- [THE TASK]:
Word for word, restate the records that appear below.
<<<<
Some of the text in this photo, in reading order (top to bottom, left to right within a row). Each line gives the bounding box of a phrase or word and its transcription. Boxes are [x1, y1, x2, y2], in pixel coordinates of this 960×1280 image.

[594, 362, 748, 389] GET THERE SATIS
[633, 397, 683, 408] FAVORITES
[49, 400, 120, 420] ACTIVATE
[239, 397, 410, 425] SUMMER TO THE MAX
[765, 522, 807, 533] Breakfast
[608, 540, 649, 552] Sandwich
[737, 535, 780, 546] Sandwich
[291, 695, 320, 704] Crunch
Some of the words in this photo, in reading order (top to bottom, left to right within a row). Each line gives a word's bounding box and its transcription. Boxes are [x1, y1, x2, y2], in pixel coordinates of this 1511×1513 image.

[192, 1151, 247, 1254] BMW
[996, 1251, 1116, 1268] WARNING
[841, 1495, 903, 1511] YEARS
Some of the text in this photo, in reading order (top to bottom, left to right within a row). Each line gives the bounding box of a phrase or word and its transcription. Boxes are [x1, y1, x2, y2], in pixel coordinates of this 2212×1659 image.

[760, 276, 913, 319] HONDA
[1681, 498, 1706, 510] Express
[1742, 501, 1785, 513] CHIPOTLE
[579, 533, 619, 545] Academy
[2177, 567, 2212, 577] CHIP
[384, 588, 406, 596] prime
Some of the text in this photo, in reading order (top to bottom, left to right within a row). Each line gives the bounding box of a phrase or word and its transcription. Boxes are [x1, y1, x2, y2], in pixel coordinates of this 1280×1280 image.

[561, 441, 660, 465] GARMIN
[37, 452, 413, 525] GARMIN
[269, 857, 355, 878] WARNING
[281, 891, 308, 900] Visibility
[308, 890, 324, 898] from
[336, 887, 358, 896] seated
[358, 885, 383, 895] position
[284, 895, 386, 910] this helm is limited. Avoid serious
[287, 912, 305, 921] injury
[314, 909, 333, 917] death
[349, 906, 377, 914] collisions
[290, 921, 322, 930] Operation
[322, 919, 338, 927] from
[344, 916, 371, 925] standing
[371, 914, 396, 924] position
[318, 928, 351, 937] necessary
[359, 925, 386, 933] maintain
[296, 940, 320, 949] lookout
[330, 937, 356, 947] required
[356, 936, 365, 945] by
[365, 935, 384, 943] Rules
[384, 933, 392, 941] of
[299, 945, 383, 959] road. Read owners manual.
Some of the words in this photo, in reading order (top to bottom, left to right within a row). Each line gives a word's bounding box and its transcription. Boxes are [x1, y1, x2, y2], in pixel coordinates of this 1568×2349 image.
>>>>
- [EXERCISE RESULT]:
Some of the text in this photo, in reading order (top to bottom, left to right within a row). Each line gives the bounding box of a phrase or word and its transcription. Boxes are [x1, y1, x2, y2], in pixel coordinates of this 960×1280 image.

[594, 362, 748, 389] GET THERE SATIS
[633, 397, 683, 408] FAVORITES
[49, 400, 120, 420] ACTIVATE
[239, 397, 410, 425] SUMMER TO THE MAX
[765, 522, 807, 533] Breakfast
[608, 540, 649, 552] Sandwich
[737, 535, 780, 546] Sandwich
[291, 695, 320, 704] Crunch
Some of the words in this photo, in reading order (top to bottom, left to right within a row). Each line gives a word's bounding box and its transcription. Boxes are [x1, y1, x2, y2], in pixel coordinates of this 1511×1513 image.

[192, 1151, 247, 1254] BMW
[996, 1251, 1116, 1268] WARNING
[841, 1495, 903, 1511] YEARS
Some of the text in this photo, in reading order (top to bottom, left to right within a row). Each line gives the bounding box of a phrase or word and its transcription. Boxes are [x1, y1, x2, y2], in pixel coordinates of this 2212×1659 image.

[760, 276, 913, 319] HONDA
[1681, 498, 1706, 510] Express
[1742, 501, 1785, 513] CHIPOTLE
[579, 533, 619, 545] Academy
[2177, 567, 2212, 577] CHIP
[384, 588, 406, 596] prime
Some of the text in this photo, in reading order (top to bottom, left to right within a row). Each line gives the bounding box of a phrase or word and its transcription. Boxes are [x1, y1, x2, y2], in pixel coordinates of this 1280×1280 image.

[561, 441, 660, 465] GARMIN
[37, 452, 413, 525] GARMIN
[269, 857, 355, 878] WARNING
[281, 891, 308, 900] Visibility
[308, 890, 324, 898] from
[336, 887, 358, 896] seated
[358, 885, 383, 895] position
[284, 895, 386, 910] this helm is limited. Avoid serious
[287, 912, 305, 921] injury
[314, 909, 333, 917] death
[349, 906, 377, 914] collisions
[290, 921, 322, 930] Operation
[322, 919, 338, 927] from
[344, 916, 371, 925] standing
[371, 914, 396, 924] position
[318, 928, 351, 937] necessary
[359, 925, 386, 933] maintain
[296, 940, 320, 949] lookout
[330, 937, 356, 947] required
[356, 936, 365, 945] by
[365, 935, 384, 943] Rules
[384, 933, 392, 941] of
[299, 945, 383, 959] road. Read owners manual.
Some of the words in this photo, in reading order (top to bottom, left to right within a row). Each line gives a word's bounding box and its transcription. Boxes are [x1, y1, x2, y2], in pixel coordinates of this 1568×2349 image.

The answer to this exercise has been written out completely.